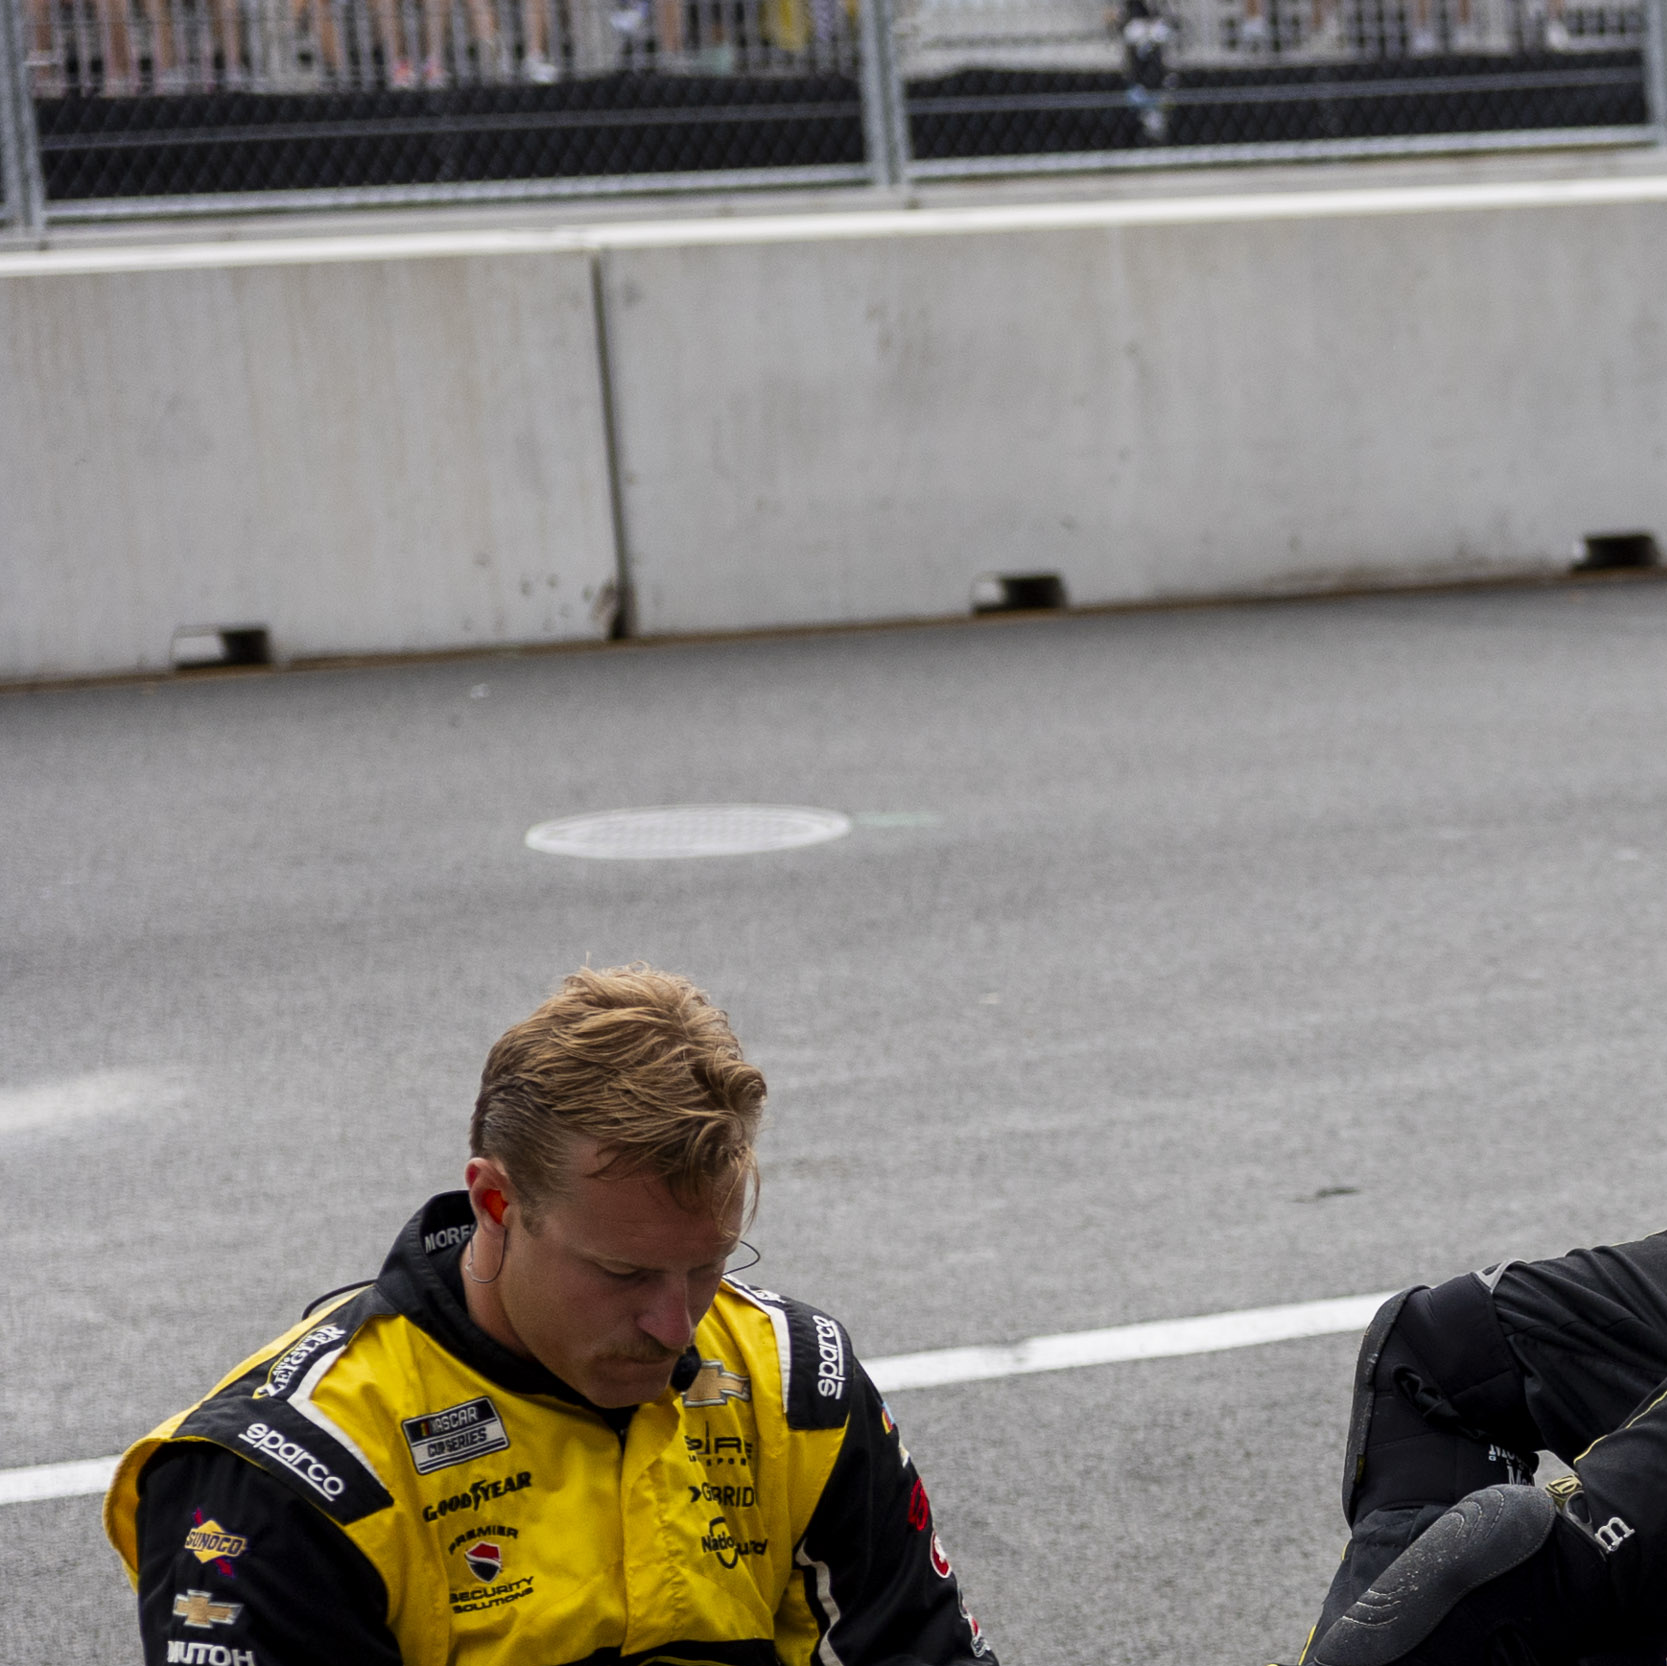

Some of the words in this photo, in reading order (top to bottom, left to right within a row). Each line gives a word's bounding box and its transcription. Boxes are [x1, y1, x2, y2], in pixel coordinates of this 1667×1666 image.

[812, 1314, 844, 1399] sparco
[239, 1423, 345, 1501] sparco
[422, 1472, 532, 1522] GOODYEAR
[186, 1530, 246, 1556] SUNOCO
[448, 1525, 519, 1555] PREMIER
[450, 1576, 534, 1604] SECURITY
[452, 1587, 534, 1614] SOLUTIONS
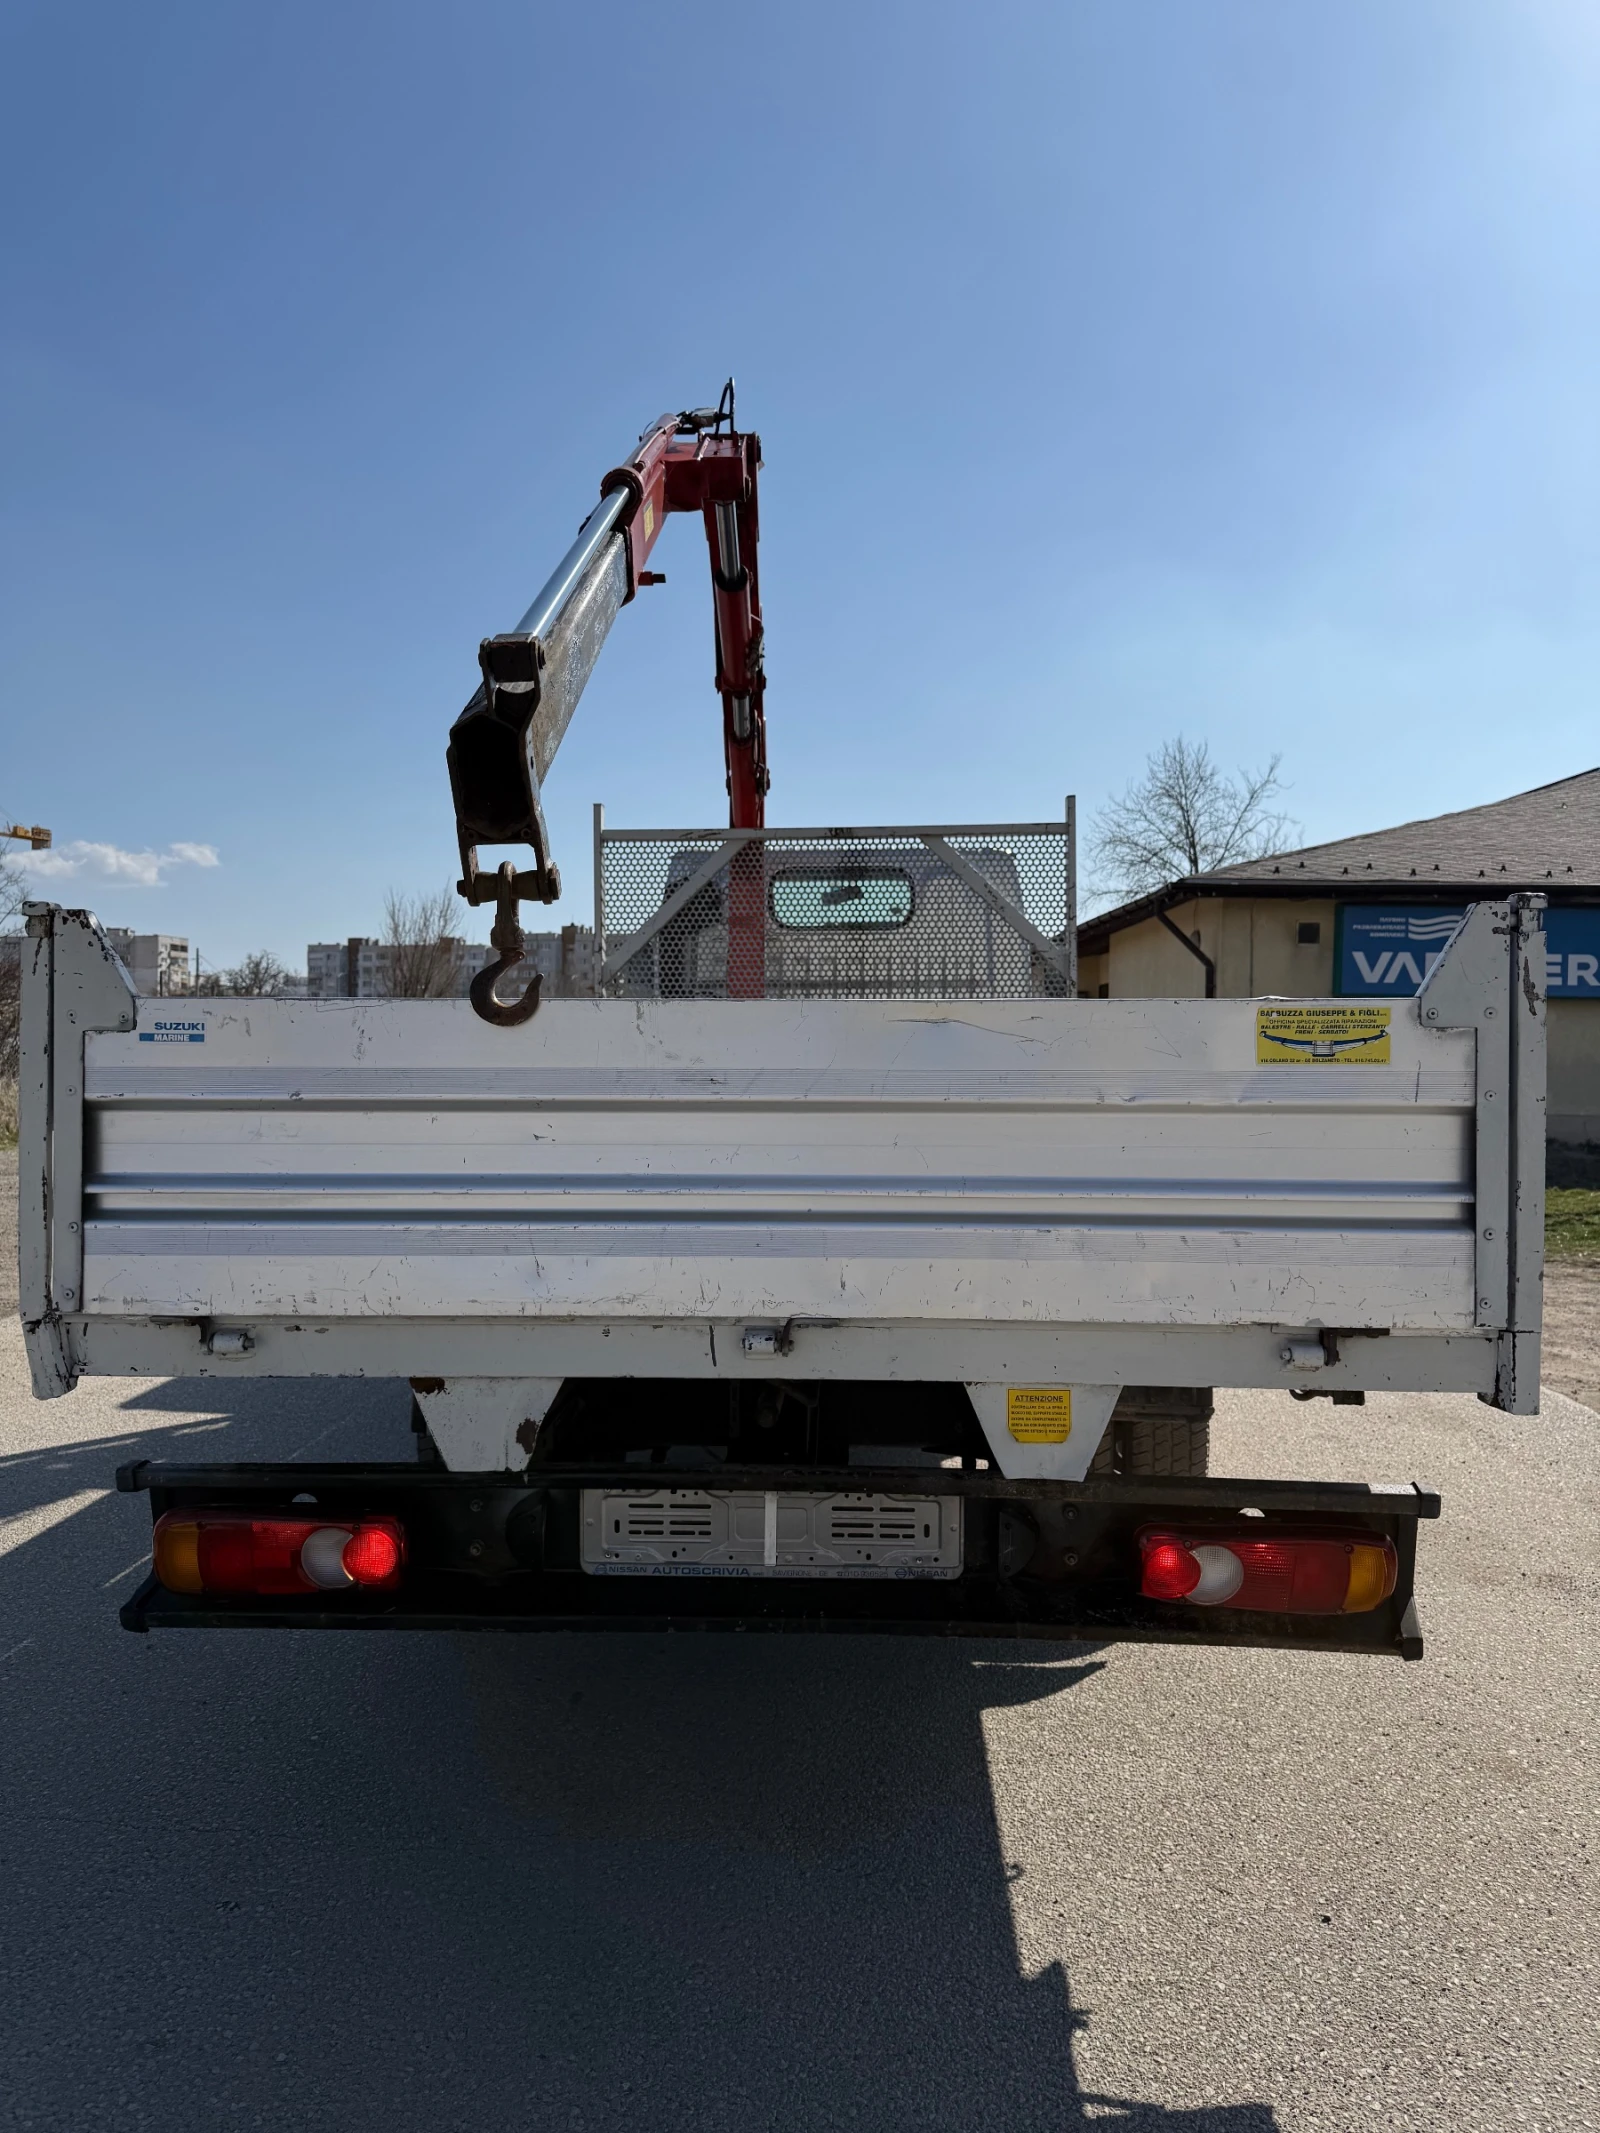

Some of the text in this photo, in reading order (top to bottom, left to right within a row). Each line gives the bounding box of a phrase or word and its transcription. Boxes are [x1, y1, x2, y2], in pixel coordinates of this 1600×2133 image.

[1306, 1009, 1347, 1017] GIUSEPPE
[1349, 1009, 1356, 1017] &
[154, 1022, 205, 1031] SUZUKI
[154, 1034, 190, 1042] MARINE
[1015, 1395, 1064, 1403] ATTENZIONE
[651, 1566, 750, 1576] AUTOSCRIVIA
[907, 1569, 948, 1577] NISSAN
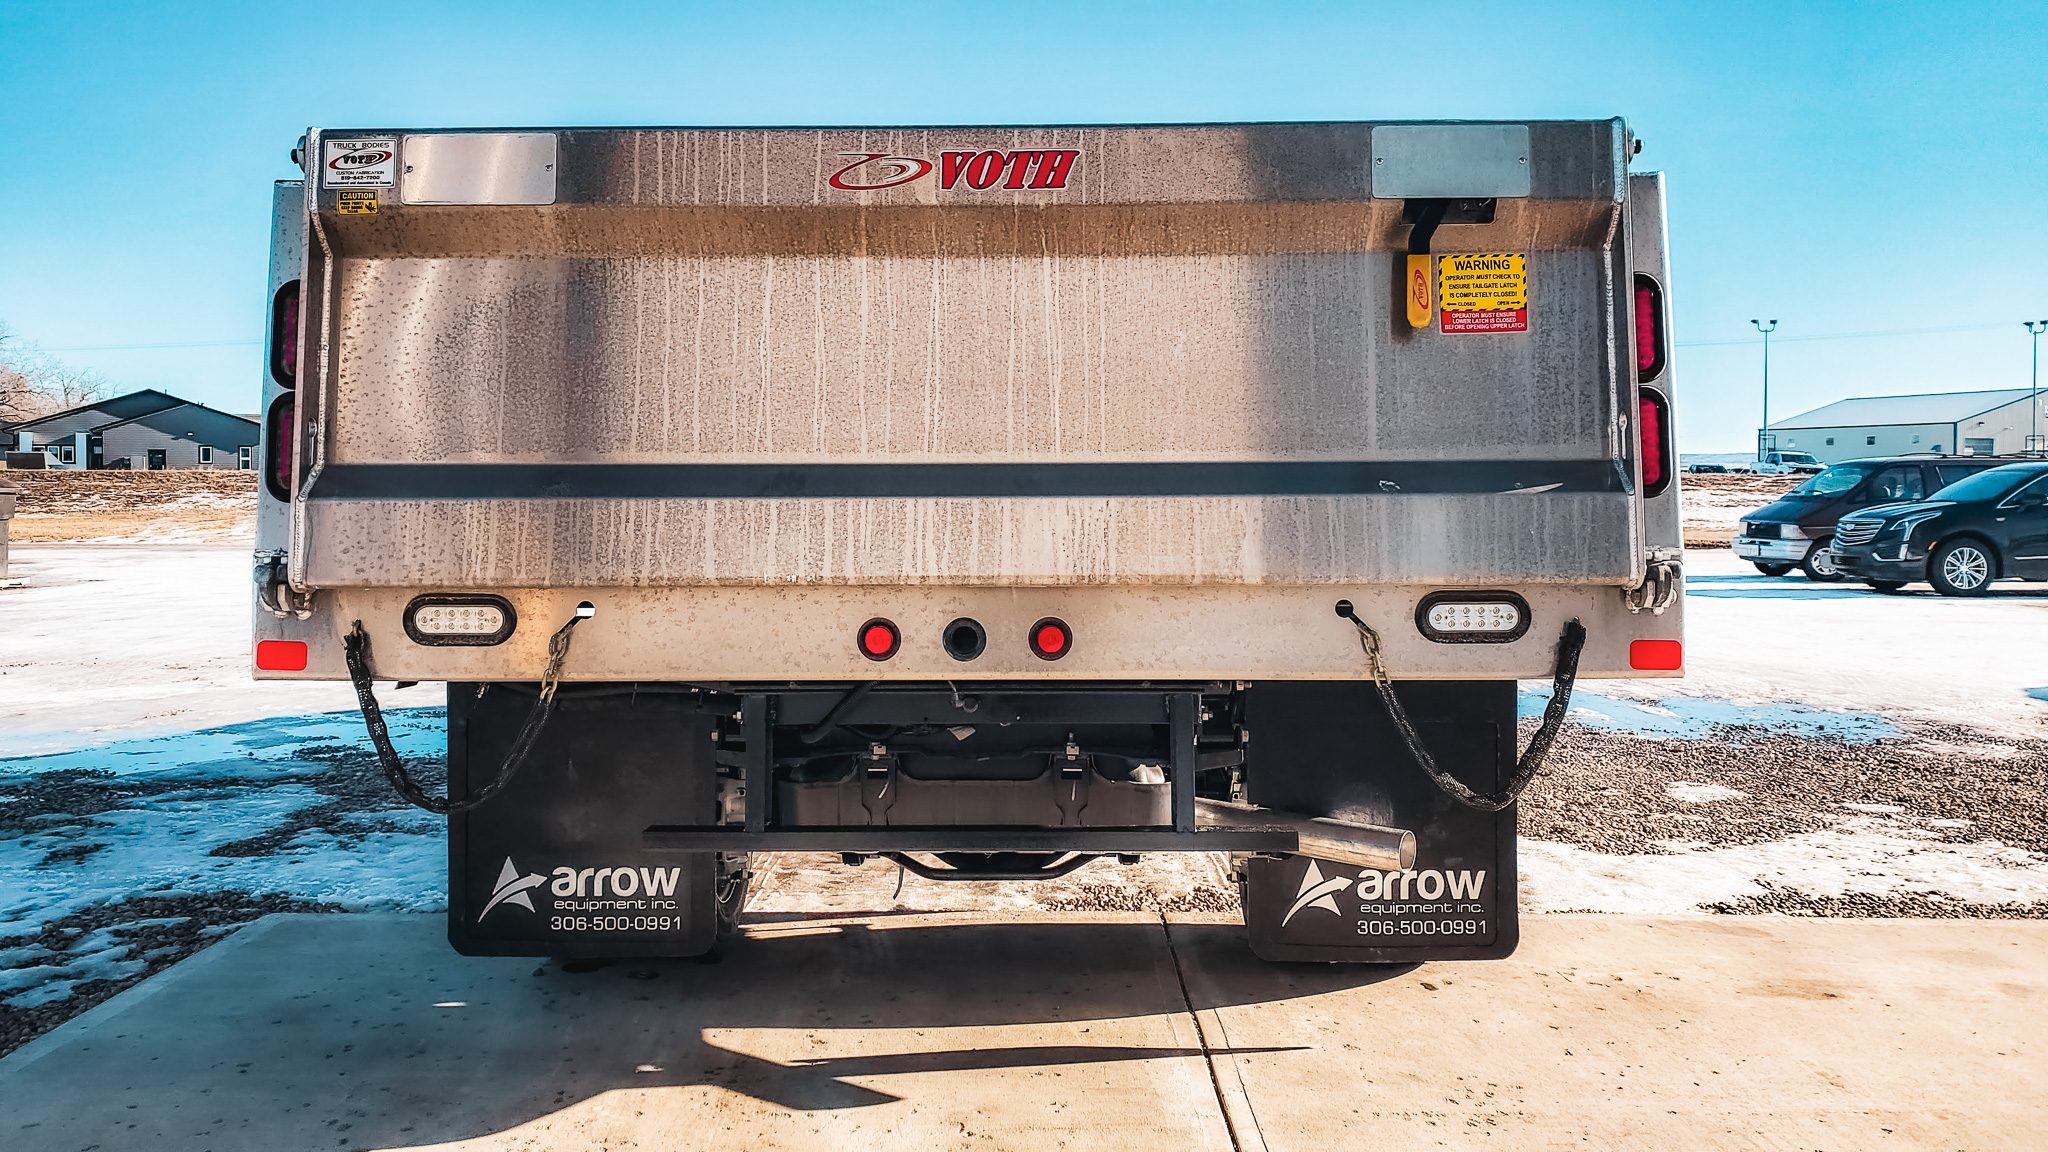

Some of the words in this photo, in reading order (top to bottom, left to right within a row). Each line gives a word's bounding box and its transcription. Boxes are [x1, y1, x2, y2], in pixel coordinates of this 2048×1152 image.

[941, 150, 1080, 190] VOTH
[1454, 260, 1510, 270] WARNING
[551, 866, 681, 897] arrow
[1357, 869, 1486, 900] arrow
[554, 898, 646, 912] equipment
[651, 898, 679, 910] inc.
[1360, 902, 1453, 916] equipment
[1457, 902, 1484, 913] inc.
[551, 916, 681, 931] 306-500-0991
[1357, 920, 1486, 935] 306-500-0991

» Task to carry out:
For this exercise, write out the listing verbatim and leave every image out.

» Answer box:
Some of the words in this photo, in reading order (top to bottom, left to right within a row). Each line gives a word's bounding box and its transcription. Boxes are [x1, y1, x2, y2], in pixel coordinates of this 1667×1666 image.

[812, 1314, 844, 1399] sparco
[239, 1423, 345, 1501] sparco
[422, 1472, 532, 1522] GOODYEAR
[186, 1530, 246, 1556] SUNOCO
[448, 1525, 519, 1555] PREMIER
[450, 1576, 534, 1604] SECURITY
[452, 1587, 534, 1614] SOLUTIONS

Some of the text in this photo, in reading order (top to bottom, left to right within a row). Each line gives the bounding box of a phrase or word and its transcription. Boxes are [x1, y1, x2, y2], in pixel coordinates of this 1600×2133 image.

[1306, 1009, 1347, 1017] GIUSEPPE
[1349, 1009, 1356, 1017] &
[154, 1022, 205, 1031] SUZUKI
[154, 1034, 190, 1042] MARINE
[1015, 1395, 1064, 1403] ATTENZIONE
[651, 1566, 750, 1576] AUTOSCRIVIA
[907, 1569, 948, 1577] NISSAN

Some of the words in this photo, in reading order (top to bottom, left to right within a row). Each line gives a word's bounding box and its transcription. Boxes are [x1, y1, x2, y2], in pixel coordinates of this 2048×1152 image.

[941, 150, 1080, 190] VOTH
[1454, 260, 1510, 270] WARNING
[551, 866, 681, 897] arrow
[1357, 869, 1486, 900] arrow
[554, 898, 646, 912] equipment
[651, 898, 679, 910] inc.
[1360, 902, 1453, 916] equipment
[1457, 902, 1484, 913] inc.
[551, 916, 681, 931] 306-500-0991
[1357, 920, 1486, 935] 306-500-0991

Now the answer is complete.